Thursday, March 26, 2009

More Stuff About Stuff...This Time It's Family Stuff.

Last week we had a bad three-car car wreck on a highway near the hospital where I work. The center of the three car sandwich was a family who's car was rear ended and pushed into oncoming traffic, where they were hit head on. One child was ejected out onto the highway, one had his head crushed when he flew around inside the car, and the third was unharmed in her carseat.

I was working the blood bank that evening. There's nothing more awful for a parent than working a trauma with children. Most of your brain is working on work: crossmatching as fast as you can for multiple people at the same time and then sending units out the door. Again and again and again until the E.R. runners stop showing up at your elbow, the phone stops ringing, the helicopters take off, and you can look around and breathe.

But I think it's especially difficult for us parents. The thought periodically pops into our heads, "What if those were my kids?" It reminds us of ever stupid thing we ever did raising our own and how many ways it could have gone bad.

The parents in the car were relatively unharmed. The little boy died, and his sister was flown to St. Louis by helicopter to a full-service pediatric trauma center, where I suspect she'll be a guest for a fairly long time.

The parents had to leave the hospital, get in a car and go home with their new reality. The accident wasn't their fault, but the unbelted kids were. They'll have the rest of their lives to wish for that moment back.

I'm currently mad at my grown daughter. She and I have gotten crossways in about all the ways a relationship can get crossways. I'm so mad, in fact, that when she moved to Chicago last week I told her to give me a few months to cool down before she gets in touch.

I know I'll get over it. Like the lady at the City Hall said yesterday, "Honey, they don't even think about growing up until they're 30."

The juxtaposition of my anger with my daughter and the death of someone else's children nags at me. Forgiveness is a gift for everyone; it doesn't make anyone's life better to hang on to old grievences. It also doesn't make life better to be a doormat...there's a balance to be struck there somewhere. However, it's not a straight line from here to there. There's all sorts of curvy side paths on the way...a mix of how could you, sprinkled with some recognition of the same selfish behavior from our own past, plus the nagging thought that this may be my fault somehow.

I love my kids. Hell, everyone loves their kids. But it's easy to think about all the times we've done things with them that could have had disasterous consequences. It's amazing that people survive their childhoods, and that parents survive their parenthood. But we do mostly, and then the kids grow up and have their own kids who make them crazy with anger and fear and love and pride, sometimes all at once, just like we did to our own parents. It's a contract that families have: I'll forgive you for every crappy thing you did on your path to adulthood, but the price you have to pay for that is forgiving your own kids their crappy behavior.

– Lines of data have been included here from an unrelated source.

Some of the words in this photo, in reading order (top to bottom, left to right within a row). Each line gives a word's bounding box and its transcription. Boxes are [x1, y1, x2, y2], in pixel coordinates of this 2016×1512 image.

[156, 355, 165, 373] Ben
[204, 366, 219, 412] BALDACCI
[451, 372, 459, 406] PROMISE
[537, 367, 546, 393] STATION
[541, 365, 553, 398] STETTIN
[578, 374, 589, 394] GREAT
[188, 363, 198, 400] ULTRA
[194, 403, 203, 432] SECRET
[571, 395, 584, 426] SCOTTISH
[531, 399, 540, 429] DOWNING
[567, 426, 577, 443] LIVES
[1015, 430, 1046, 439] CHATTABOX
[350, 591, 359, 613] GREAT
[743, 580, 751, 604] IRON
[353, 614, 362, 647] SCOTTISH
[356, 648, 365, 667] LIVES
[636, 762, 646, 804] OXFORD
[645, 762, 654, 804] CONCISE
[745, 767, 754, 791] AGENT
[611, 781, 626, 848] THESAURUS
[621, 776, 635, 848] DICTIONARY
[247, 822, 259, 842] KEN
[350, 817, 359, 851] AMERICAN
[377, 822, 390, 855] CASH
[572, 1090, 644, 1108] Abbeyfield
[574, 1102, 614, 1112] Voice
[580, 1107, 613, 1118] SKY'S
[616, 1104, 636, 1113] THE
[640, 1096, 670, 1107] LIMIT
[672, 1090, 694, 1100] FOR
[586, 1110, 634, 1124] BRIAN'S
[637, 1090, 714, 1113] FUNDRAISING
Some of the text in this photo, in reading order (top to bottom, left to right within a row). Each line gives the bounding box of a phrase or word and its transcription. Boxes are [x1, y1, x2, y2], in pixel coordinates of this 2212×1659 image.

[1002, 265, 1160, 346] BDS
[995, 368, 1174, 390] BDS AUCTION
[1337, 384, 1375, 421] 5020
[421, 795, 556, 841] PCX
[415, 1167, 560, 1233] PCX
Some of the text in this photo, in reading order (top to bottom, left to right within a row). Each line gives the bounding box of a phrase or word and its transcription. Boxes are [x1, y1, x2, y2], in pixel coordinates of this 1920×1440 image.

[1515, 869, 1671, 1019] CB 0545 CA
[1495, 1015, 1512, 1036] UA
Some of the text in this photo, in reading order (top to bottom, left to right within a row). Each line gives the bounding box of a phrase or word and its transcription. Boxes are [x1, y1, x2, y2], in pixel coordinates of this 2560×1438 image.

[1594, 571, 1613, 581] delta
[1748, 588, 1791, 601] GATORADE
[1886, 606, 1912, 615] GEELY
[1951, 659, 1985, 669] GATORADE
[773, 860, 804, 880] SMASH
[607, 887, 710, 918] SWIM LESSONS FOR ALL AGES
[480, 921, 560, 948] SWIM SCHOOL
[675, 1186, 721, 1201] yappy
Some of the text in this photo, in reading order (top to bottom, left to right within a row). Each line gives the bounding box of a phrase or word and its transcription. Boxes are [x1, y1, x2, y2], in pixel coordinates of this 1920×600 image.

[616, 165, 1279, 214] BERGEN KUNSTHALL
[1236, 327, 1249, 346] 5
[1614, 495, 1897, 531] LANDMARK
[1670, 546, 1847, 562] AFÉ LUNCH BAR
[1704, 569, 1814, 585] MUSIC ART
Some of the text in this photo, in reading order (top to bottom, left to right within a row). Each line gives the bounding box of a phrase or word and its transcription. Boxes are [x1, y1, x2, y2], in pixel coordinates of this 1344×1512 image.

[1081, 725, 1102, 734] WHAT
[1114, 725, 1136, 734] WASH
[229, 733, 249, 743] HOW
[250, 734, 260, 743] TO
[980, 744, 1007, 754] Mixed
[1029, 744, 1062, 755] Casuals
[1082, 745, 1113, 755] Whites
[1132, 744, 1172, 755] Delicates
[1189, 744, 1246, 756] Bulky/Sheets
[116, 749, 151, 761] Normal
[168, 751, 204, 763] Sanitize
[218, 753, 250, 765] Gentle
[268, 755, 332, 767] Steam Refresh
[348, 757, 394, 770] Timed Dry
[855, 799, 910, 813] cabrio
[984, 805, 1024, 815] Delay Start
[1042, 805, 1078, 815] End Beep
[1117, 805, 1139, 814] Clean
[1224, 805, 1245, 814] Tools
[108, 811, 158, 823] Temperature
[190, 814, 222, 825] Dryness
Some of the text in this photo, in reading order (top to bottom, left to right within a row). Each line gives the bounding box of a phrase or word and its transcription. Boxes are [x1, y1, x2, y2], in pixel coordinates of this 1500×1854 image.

Like Katie used to say, "It's the ciwcle of yife."

It's the Mother's Curse...Someday you'll have children just like you. We hope. If you're lucky.

6 comments:

Anonymous said...

My mother used to curse me with that "someday I hope you'll have a kid just like you". I fooled her and had a kid just like her. It's really freaky raising my mother while still bossing my actual mother around

Anonymous said...

My daughter looks at her daughter, at the room so full of clothes strewn around that the floor hasn't seen daylight in 16 years, and she says to me:

Paybacks are a bitch.

I tell her she hasn't seen nuthin' yet.

Just wait ten years until tha now 26 year old is hemorrhaging after giving birth to her first baby and everyone but you has left the room and the old L and D nurse in you takes over and you are doing bi-manual compression of the uterus while screaming for help and your precious daughter is crying and saying "help me mommie."

I wouldn't have missed a moment of it.

Kwach said...

The other day my son said just about the most terrifying thing he's ever said to me:

"I met this girl who's, like, my TWIN! We were born a week apart and we're totally alike and it's so cool! She even makes weird noises for no reason!"

My first thought was, "Do not procreate with this young woman."

My second thought was that, as different as some kids and their parents are, it would be sort of ironic if the combination of those genes ended up creating a quiet, serious kid who spent all his time telling his parents to shut up so he could study.

: )

Anonymous said...

Gawd-oh-mighty. Two good writers. I'm speechless.

Jessie

Ev said...

No...Lori's a great writer, and I can generally make a point in English. BUT...I have better stories. :-)

Kwach said...

It's true ... she does have better stories. And she's funnier.